The problem with this tweet isn't about finding the best solution to the AGI control issue but addressing the potential consequences of allowing Twitter users to vote by paying $8. This specific method is arguably the most unfavorable outcome we could envision. Fundamentally, it fails to solve the underlying problem.
Let's consider a hypothetical yet highly plausible scenario where Elon Musk determines user verification status and subsequently open-sources the voting protocol to gain public trust. Although this may improve existing options, the entire voting process remains susceptible to manipulation. Confidence in the system is fragile, as it relies solely on one individual's approval of the voter list. Since an $8 fee grants voting rights, it would only take a few million dollars or less for any government to exert undue influence over the voting process, ultimately undermining its integrity.
For instance, let's consider the 2016 presidential election and apply it to this platform. We must consider the popular vote difference and the potential for flipping Electoral College votes. With that in mind, we could estimate how many votes Twitter could theoretically influence to alter the election outcome. The three states with the smallest margins of victory for Trump that could have changed the work were:
Michigan: 10,704 votes
Wisconsin: 22,748 votes
Pennsylvania: 44,292 votes
She would have won the electoral college if these states had gone to Clinton instead of Trump. So, adding up those vote margins, you'd need to "buy" approximately 77,744 votes.
At $8 per vote, that would theoretically cost about $621,952. That is just a theoretical simulation; obviously, there would be more competition from both sides in real life if such a mechanic existed.
With all due respect to Elon, he uses his public image to sway opinions and consolidate his power rather than focusing exclusively on projects that significantly benefit humanity.
The importance of online democratic governance
As we stand in 2023, we find ourselves at a critical juncture where traditional methods rapidly become obsolete, and we have yet to develop suitable replacements.
The ongoing information wars among nations and the challenges of implementing leadership changes through fair elections have contributed to crises like the war in Ukraine. The onset of the U.S. recession in 2023 can be attributed to sluggish policy adjustments by the Federal Reserve. This situation underscores the potential value of enabling public propositions and votes on policy changes, extending beyond the confines of appointed officials.
AGI control problem and crypto regulation are definitely the most visible in the present moment, and ODG is “the least bad solution”1
Online governance offers numerous advantages and potential applications:
Global democratic inclusion: Enhancing political participation through online voting2, digital petitions, transparent decision-making, and real-time policy feedback and adjustments.

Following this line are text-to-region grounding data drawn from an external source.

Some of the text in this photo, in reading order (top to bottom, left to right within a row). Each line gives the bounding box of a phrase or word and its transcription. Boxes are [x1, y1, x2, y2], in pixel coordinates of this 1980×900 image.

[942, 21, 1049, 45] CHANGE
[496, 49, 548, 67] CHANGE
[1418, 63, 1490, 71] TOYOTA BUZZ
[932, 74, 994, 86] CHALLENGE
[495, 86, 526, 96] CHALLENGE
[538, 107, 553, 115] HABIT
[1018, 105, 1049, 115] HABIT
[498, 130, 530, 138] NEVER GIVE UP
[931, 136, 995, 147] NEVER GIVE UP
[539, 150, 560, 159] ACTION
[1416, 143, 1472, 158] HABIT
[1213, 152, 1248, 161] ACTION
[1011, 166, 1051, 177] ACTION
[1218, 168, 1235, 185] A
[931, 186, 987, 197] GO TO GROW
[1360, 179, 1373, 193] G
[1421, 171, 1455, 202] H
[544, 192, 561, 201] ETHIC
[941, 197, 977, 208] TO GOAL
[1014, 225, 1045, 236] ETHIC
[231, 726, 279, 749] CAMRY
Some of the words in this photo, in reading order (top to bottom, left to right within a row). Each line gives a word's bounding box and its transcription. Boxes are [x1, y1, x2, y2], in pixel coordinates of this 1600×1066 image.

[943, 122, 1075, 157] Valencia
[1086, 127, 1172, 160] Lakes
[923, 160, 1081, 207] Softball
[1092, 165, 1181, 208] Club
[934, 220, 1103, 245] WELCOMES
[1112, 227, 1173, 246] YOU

It will help accept direct responsibility for each individual for the impact of their decisions.
Improved public goods funding, much more efficient capital allocation: Facilitating efficient resource allocation and redistribution using data-driven, real-time feedback mechanisms.

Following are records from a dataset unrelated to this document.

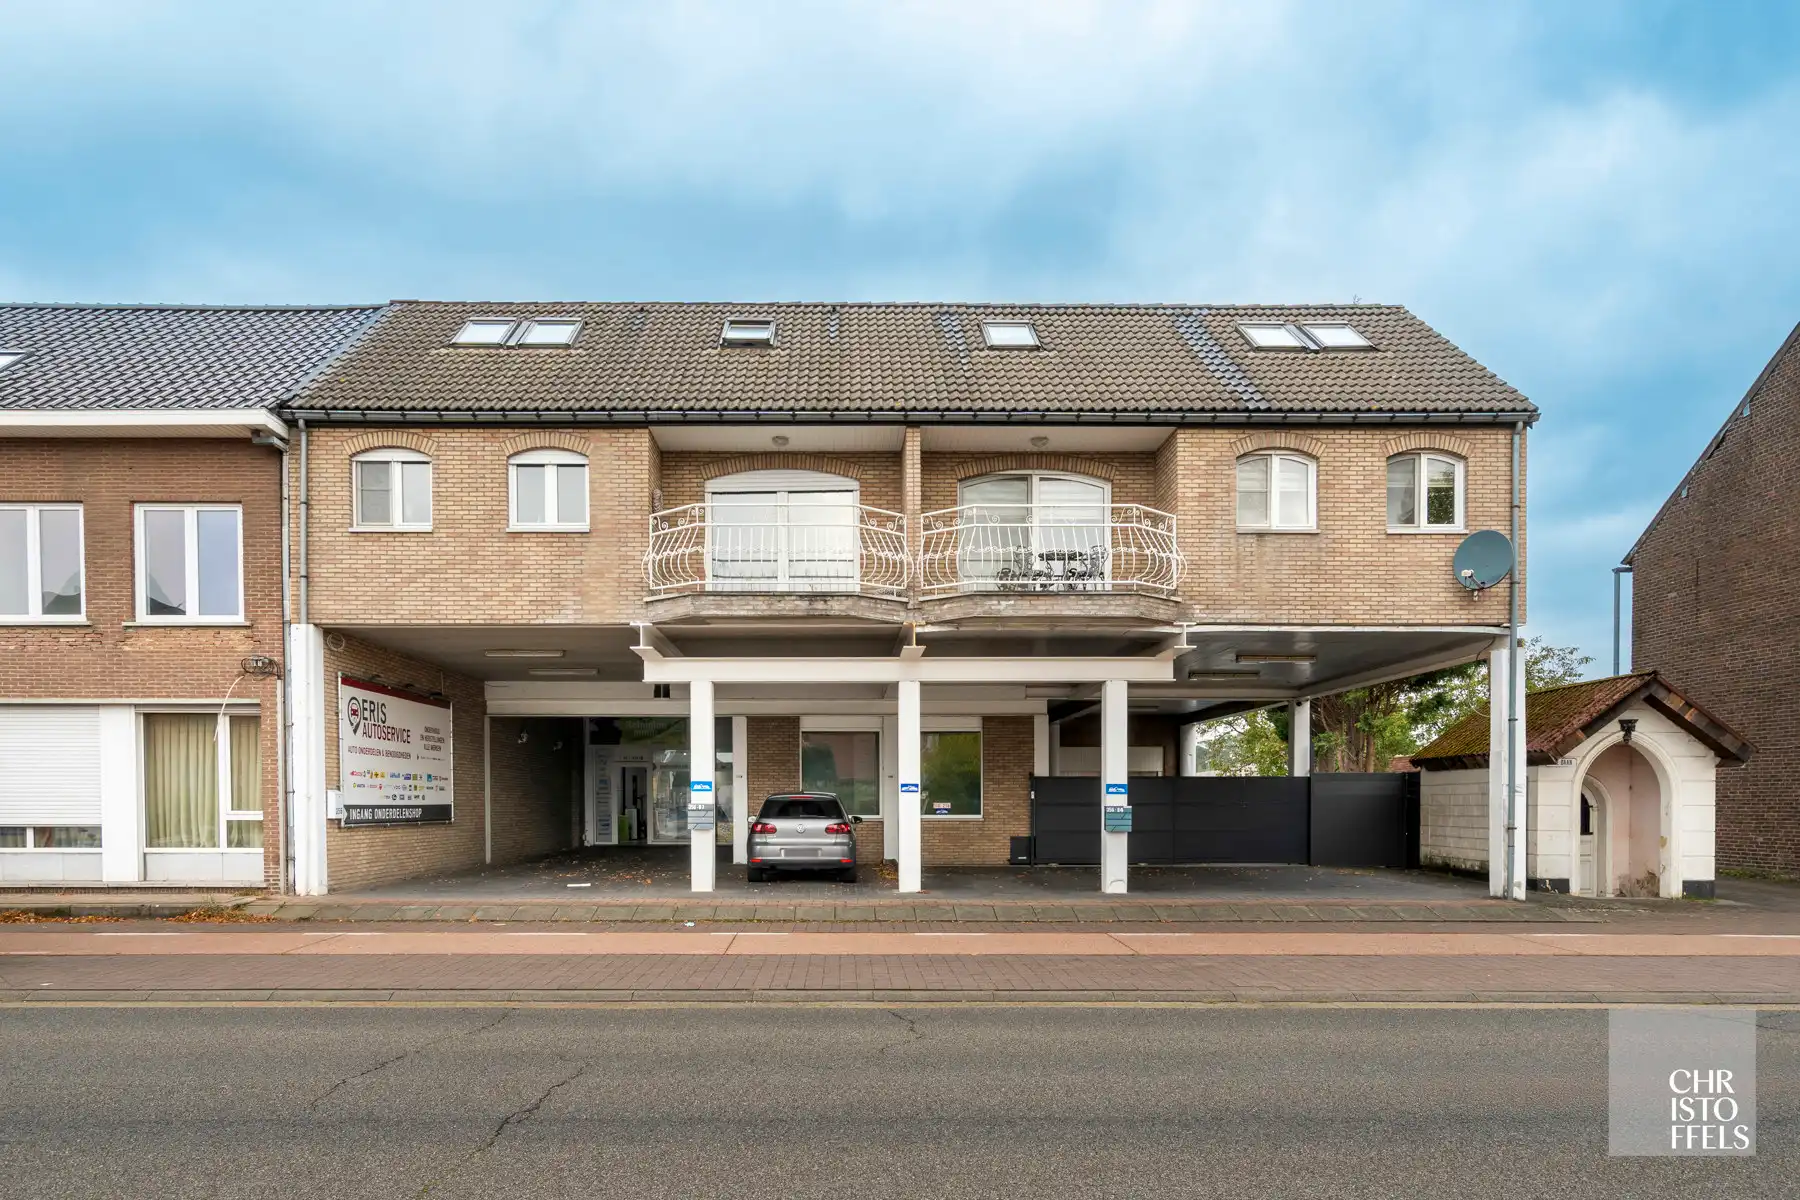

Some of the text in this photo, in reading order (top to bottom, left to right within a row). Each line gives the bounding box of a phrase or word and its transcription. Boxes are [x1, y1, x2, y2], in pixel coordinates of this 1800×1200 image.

[362, 699, 387, 724] ERIS
[362, 722, 411, 744] AUTOSERVICE
[349, 808, 373, 820] INGANG
[374, 808, 422, 820] ONDERDELENSHOP
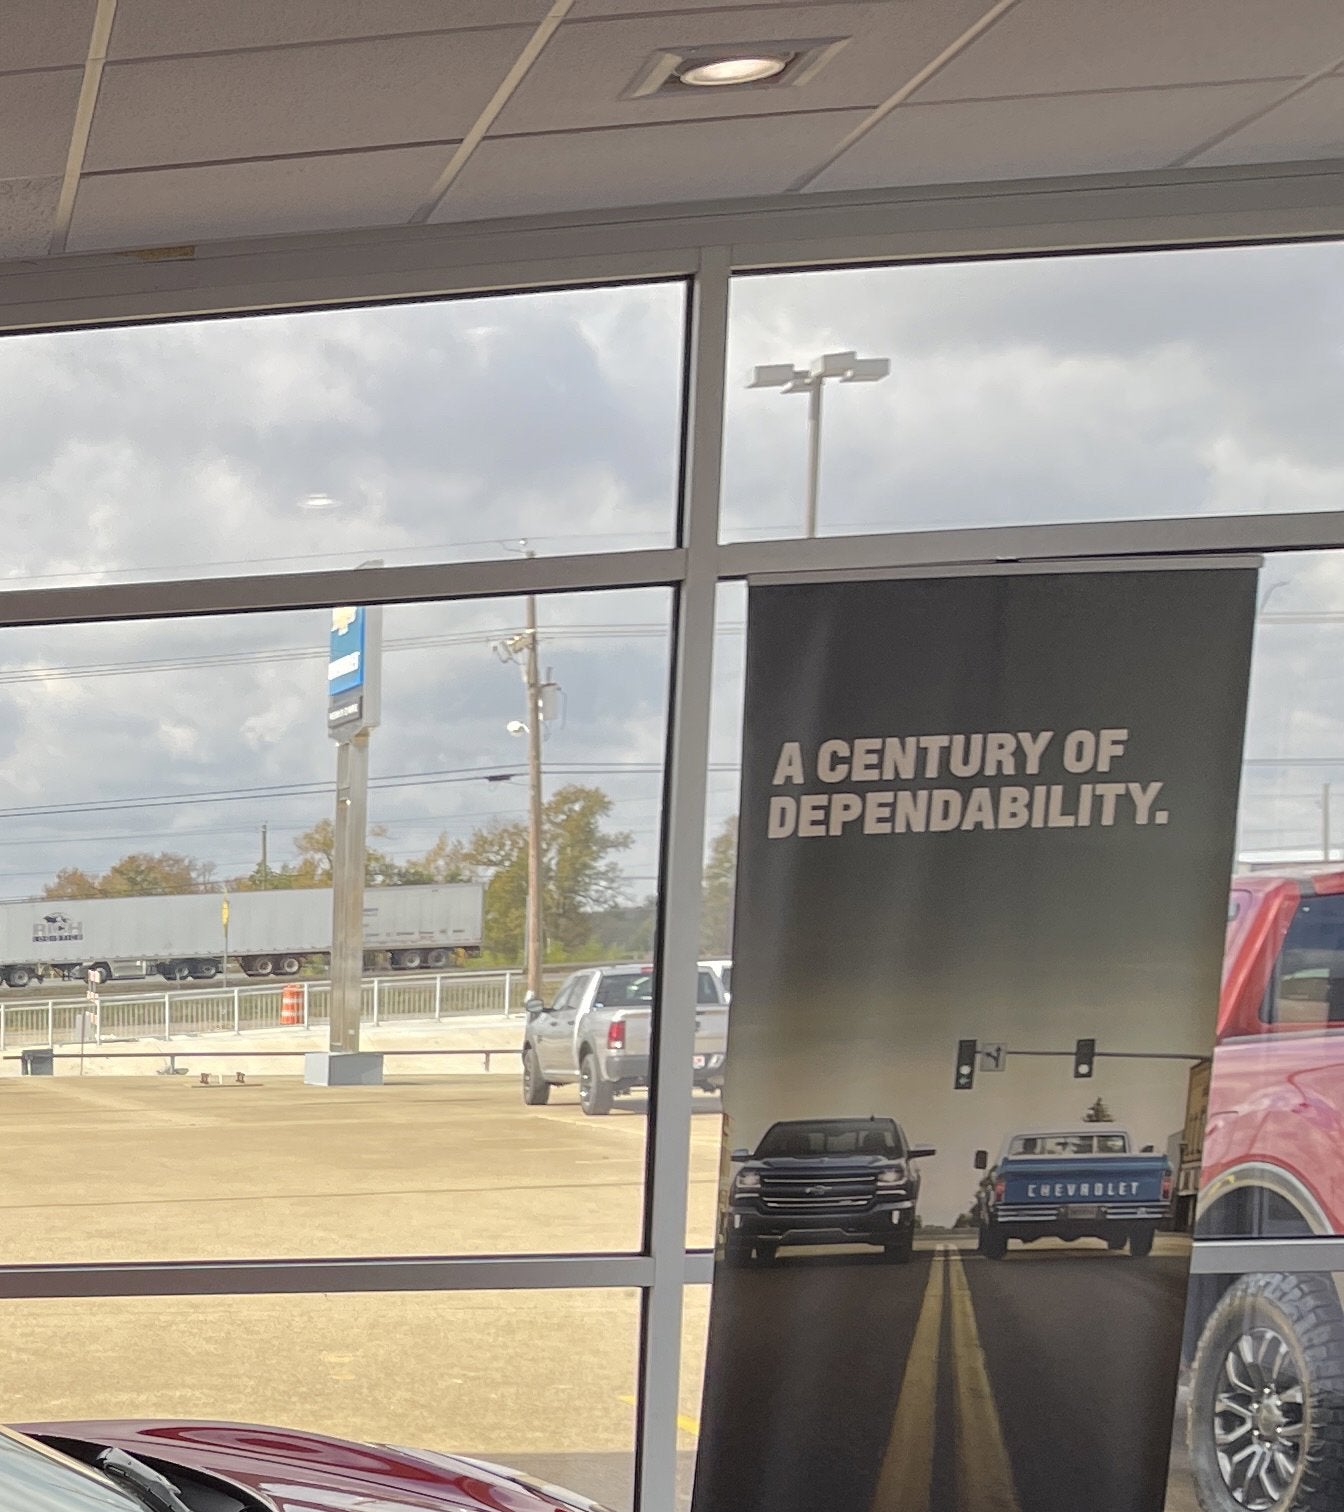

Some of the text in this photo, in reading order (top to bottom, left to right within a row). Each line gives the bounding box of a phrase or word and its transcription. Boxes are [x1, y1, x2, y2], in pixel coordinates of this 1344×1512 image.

[772, 728, 1130, 786] A CENTURY OF
[766, 780, 1171, 840] DEPENDABILITY.
[1027, 1182, 1140, 1197] CHEVROLET

Streamlined taxation systems: Promoting transparency, efficiency, and goal-oriented tax collection and administration approaches.
Diverse policy experimentation: Encouraging the exploration of various governance models and creating new virtual states.
Cross-border collaboration: Fostering cooperation and idea-sharing among citizens from different countries.
Governance-led network states: Establishing communities centered around shared values and interests rather than geographic location or place of birth. While the existing notion of "Network States" is tied to a particular definition coined by certain online personalities, I believe this term and description don't fully capture the essence of the concept. I plan to delve deeper into this subject in the future.
Citizen-led initiatives and social innovation: Empowering individuals to develop and implement solutions to local and global challenges.
Combating misinformation and corruption: Enhancing online trust and accountability by addressing misinformation and reducing opportunities for corruption.
Universal basic income: Fair distribution of economic benefits between system “citizens.”
Although these ideas are promising, the potential of online governance is vast. As new technologies and methodologies arise, more applications will undoubtedly be uncovered.
Applicable example: Ocean Cleanup & Capital Allocation
Ocean pollution and the necessary cleanup efforts are significant global issue. As of 2023, the Ocean Cleanup project, a non-profit organization, has impressively extracted over 206 tons3 of plastic from the ocean with a supported ~$50 million known investment.
The Ocean Cleanup estimates that their technology could clean up ~50% of the Great Pacific Garbage Patch within a 10-year timeframe4 at an approximate cost of $500M. Let’s roughly say that in order to do the same within a 5-year timeframe, they’d need $1B. However, this figure merely scratches the surface of the total cost of a global ocean cleanup, which would undoubtedly be significantly higher. It's also crucial to note that this estimate only covers the cost of removing existing waste, not the cost of measures to prevent further pollution. What would the cost be to clean up 98%-100% of the global ocean? $50 billion? Perhaps even $100 billion?
The comparison between the U.S. government's healthcare spending, which is partly aimed at increasing average life expectancy, and the funding for the Ocean Cleanup project reveals a striking disparity. In 2022, the U.S. shelled out an estimated $4.3 trillion on healthcare. This funding is devoted to enhancing life expectancy through disease prevention, treatment, and research initiatives. This amount is a staggering 86,000 times greater than the funds allocated to the Ocean Cleanup project. While it's clear that healthcare encompasses far more than just improving life expectancy, the significant difference in financial investment is worth noting.
Over the past few decades, the average lifespan in the U.S. has been steadily increasing, roughly by ~2 years every decade. While this is undoubtedly important, it does raise questions about efficient capital allocation. Many of those in government are older, with voting rights, and may naturally prioritize their immediate concerns over the needs of future generations.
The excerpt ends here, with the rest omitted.